The gun touting baby-faced cowboy with a 10-gallon western-style hat embellished all the signs in front of this 24-hour restaurant in the Saginaw Bay Region. They offered breakfast, steak sandwiches, burgers, Mexican fare, and chili. A crowd favorite was their banana splits and breakfast buffets.

The small chain ran for 45 years until the last of the bankrupt restaurants closed in July 2015

Howard Johnson’s America’s 1st Major Restaurant Chain

Howard Johnson's Original Neon Sign
Howard Johnson’s Original Neon Sign

Howard Johnson’s iconic orange roof on their motor lodges and restaurants made them easy to locate from the highway and was a beacon of the HoJo brand to travelers. Founded in 1925 as a pharmacy soda fountain by Howard Deering Johnson, he grew it to one of the largest restaurant chains in the U.S. By the 1970s, there were more than 1,000 locations bearing the Howard Johnson brand.
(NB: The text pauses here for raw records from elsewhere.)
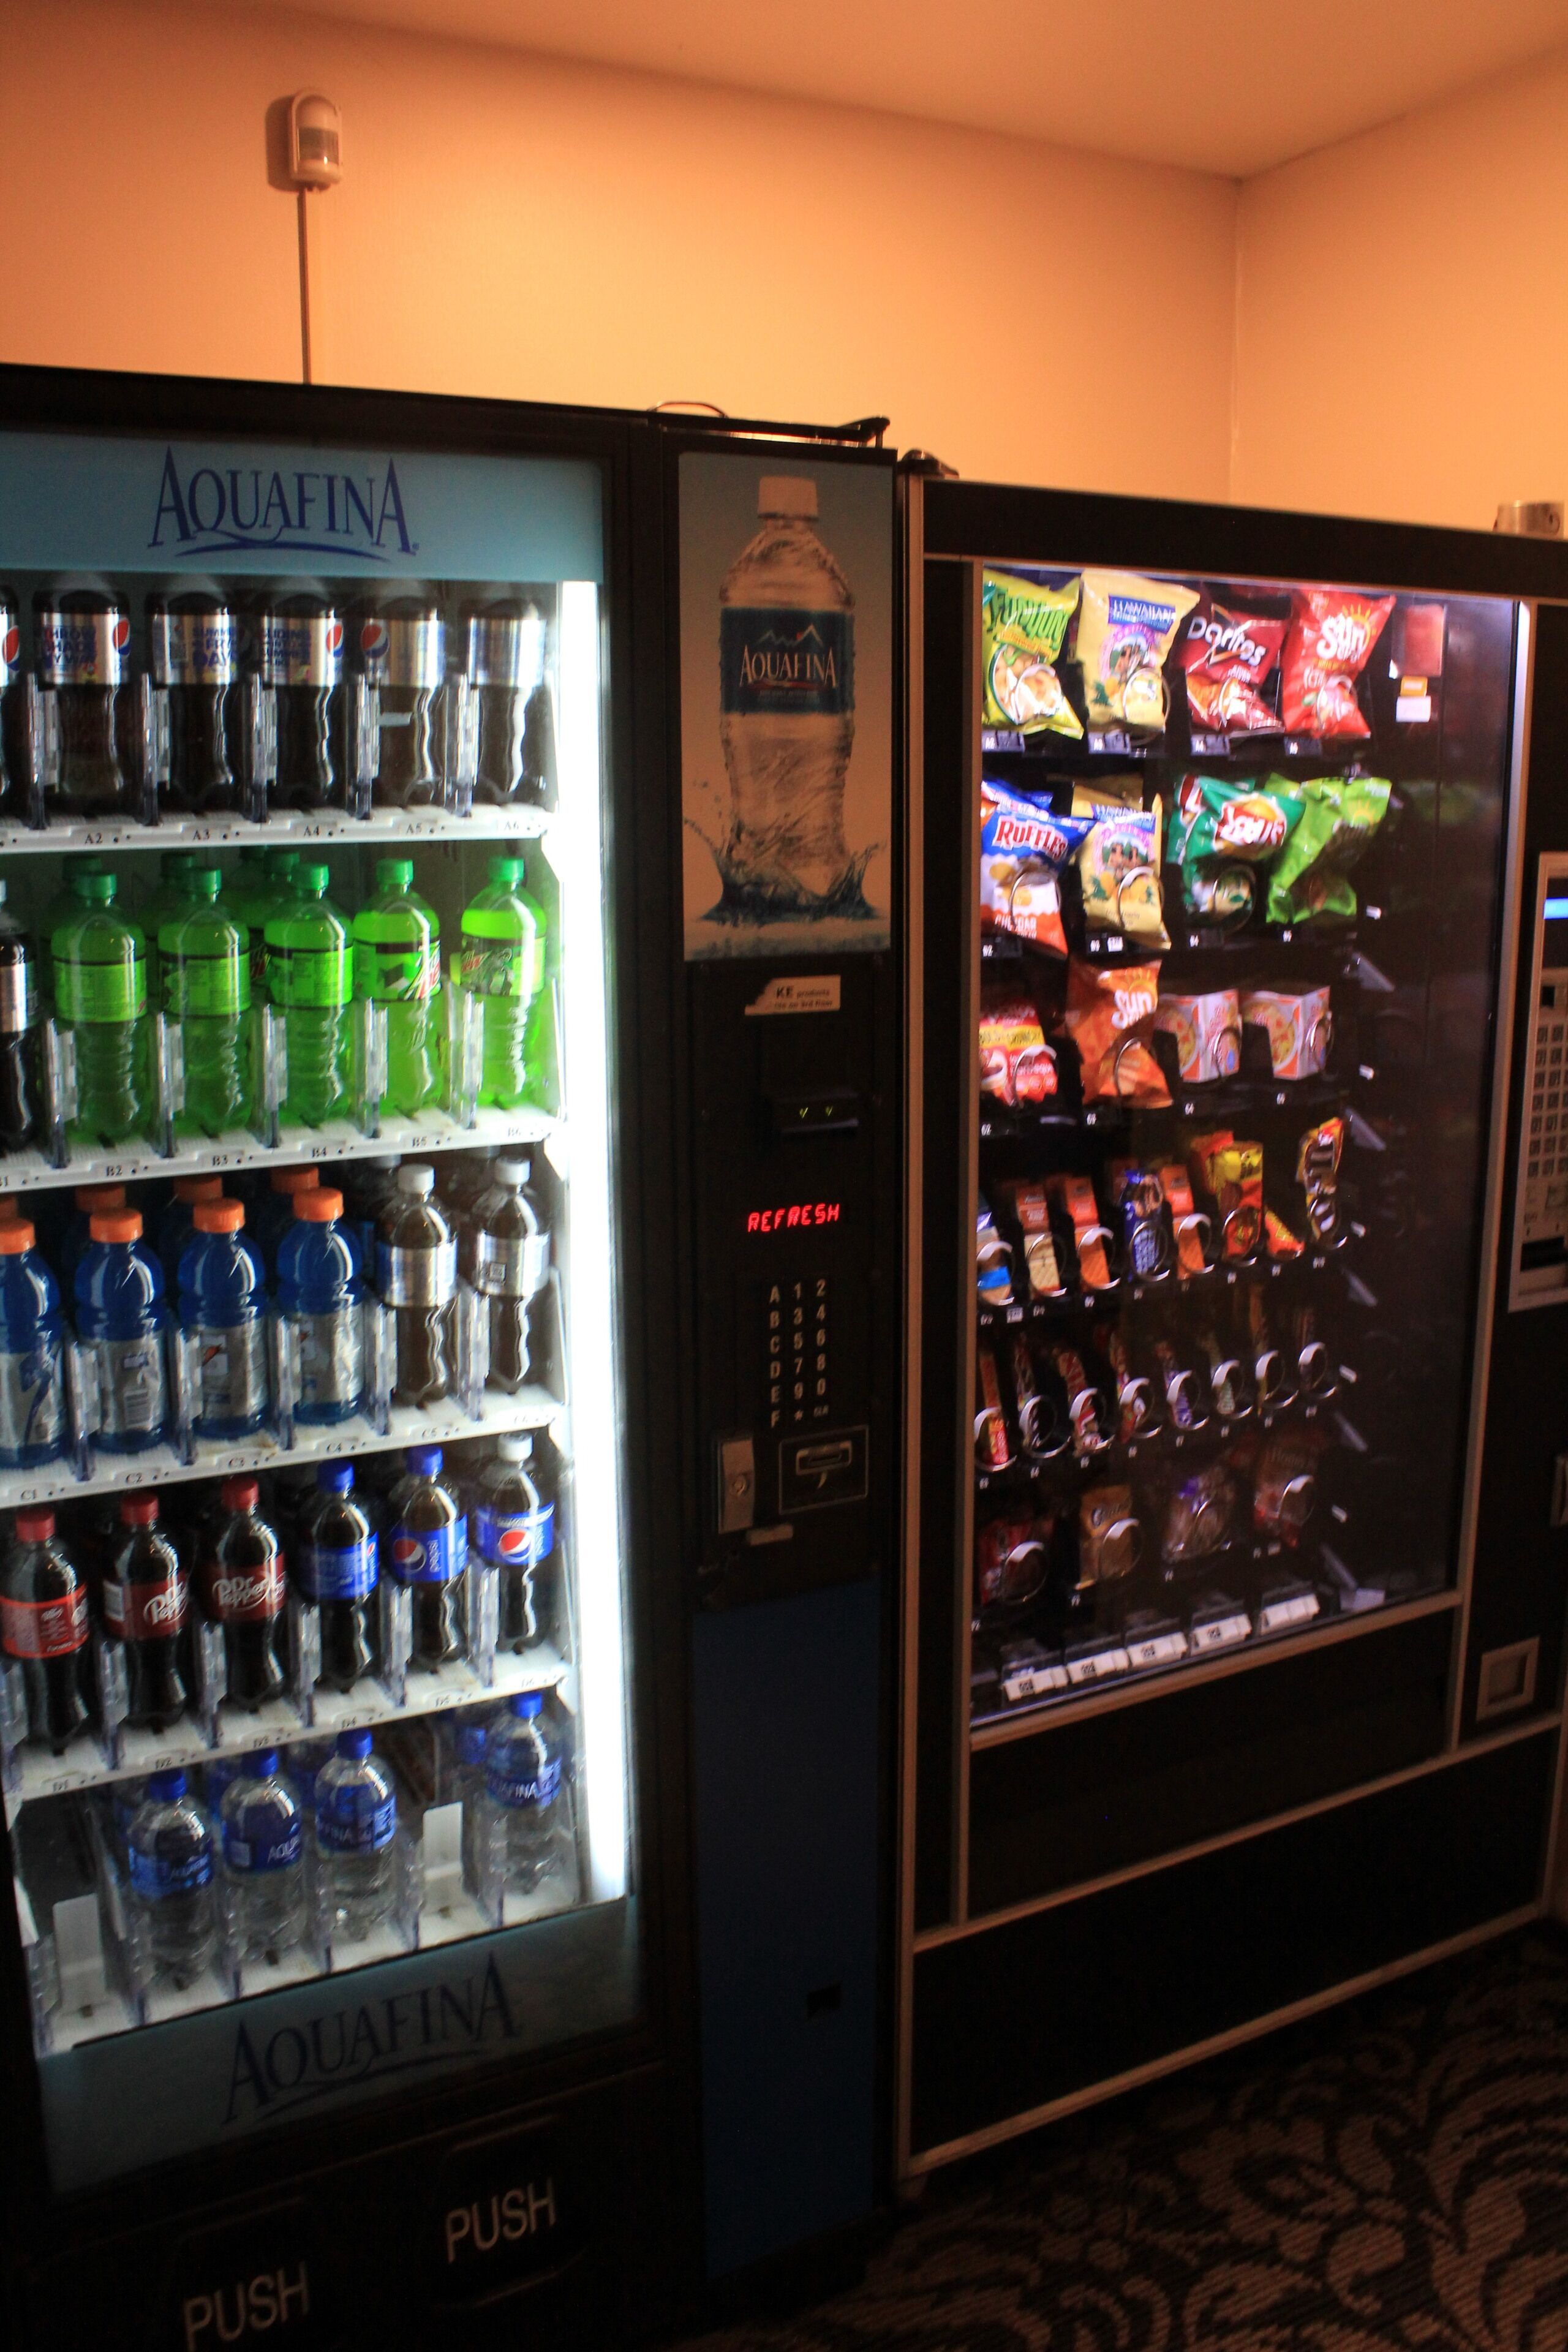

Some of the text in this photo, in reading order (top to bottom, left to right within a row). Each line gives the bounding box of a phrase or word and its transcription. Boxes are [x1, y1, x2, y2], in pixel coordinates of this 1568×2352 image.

[147, 445, 420, 559] AQUAFINA
[1186, 616, 1267, 667] Doritos
[739, 644, 839, 688] AQUAFINA
[85, 832, 104, 845] A2
[192, 829, 211, 841] A3
[303, 824, 320, 837] A4
[405, 823, 423, 835] A5
[1111, 990, 1156, 1030] Sun
[212, 1154, 228, 1167] B3
[311, 1145, 328, 1158] B4
[106, 1165, 123, 1177] B2
[747, 1202, 840, 1233] REFRESH
[769, 1284, 780, 1304] A
[793, 1281, 802, 1301] 1
[816, 1278, 827, 1297] 2
[769, 1310, 780, 1329] B
[816, 1303, 826, 1322] 4
[770, 1335, 780, 1354] C
[770, 1360, 781, 1380] D
[794, 1357, 804, 1376] 7
[771, 1384, 782, 1404] E
[816, 1377, 827, 1396] 0
[771, 1409, 781, 1429] F
[126, 1472, 143, 1485] C2
[21, 1488, 37, 1501] C1
[221, 1950, 522, 2128] AQUAFINA
[445, 2177, 557, 2264] PUSH
[183, 2260, 311, 2351] PUSH
While the company started and grew during the Depression, World War II just about killed the fledgling company. In 1939, there were 107 Howard Johnson’s restaurants along America’s East Coast highways. At war’s end, only 12 restaurants remained. After the war, turnpike and highway buildings were raging throughout the US. Johnson secured a deal to be the sole restaurant provider at service station turnouts throughout the early turnpike systems. This resurgence lasted until the 1970s with more than 1,000 restaurants and 500 motor lodges in the U.S. and Canada

Howard Johnson offered comfort food and 28 flavors of ice cream. The chain also popularized fried clam strips, which become a menu mainstay throughout the country. The restaurant was also known for its Macaroni and Cheese, Chicken Croquettes, and Corn and Blueberry Toasties.

The motor lodges remain and are owned and operated by Wyndham Hotels. In 1979, the restaurant franchises formed their own network but began closing. Today the final restaurant left is closed and for sale in Lake George, New York, a summer tourist spot in the Adirondacks. Therefore, another icon of the economic boom in the United States during the last century goes into the history books and part of the list of bankrupt restaurants with its orange-tiled roof, and the weather vane outlined with the Simple Simon and Pie Man logo.

The Red Barn

Read Barn Restaurant
The Red Barn – Courtesy Arlington Virginia Public Library

The Red Barn Restaurant was founded in 1961 in Springfield, Ohio. The chain grew quickly topping out with over 300 locations. Each franchise restaurant was built to resemble a red barn. The restaurant offered burgers, fries, and fried chicken.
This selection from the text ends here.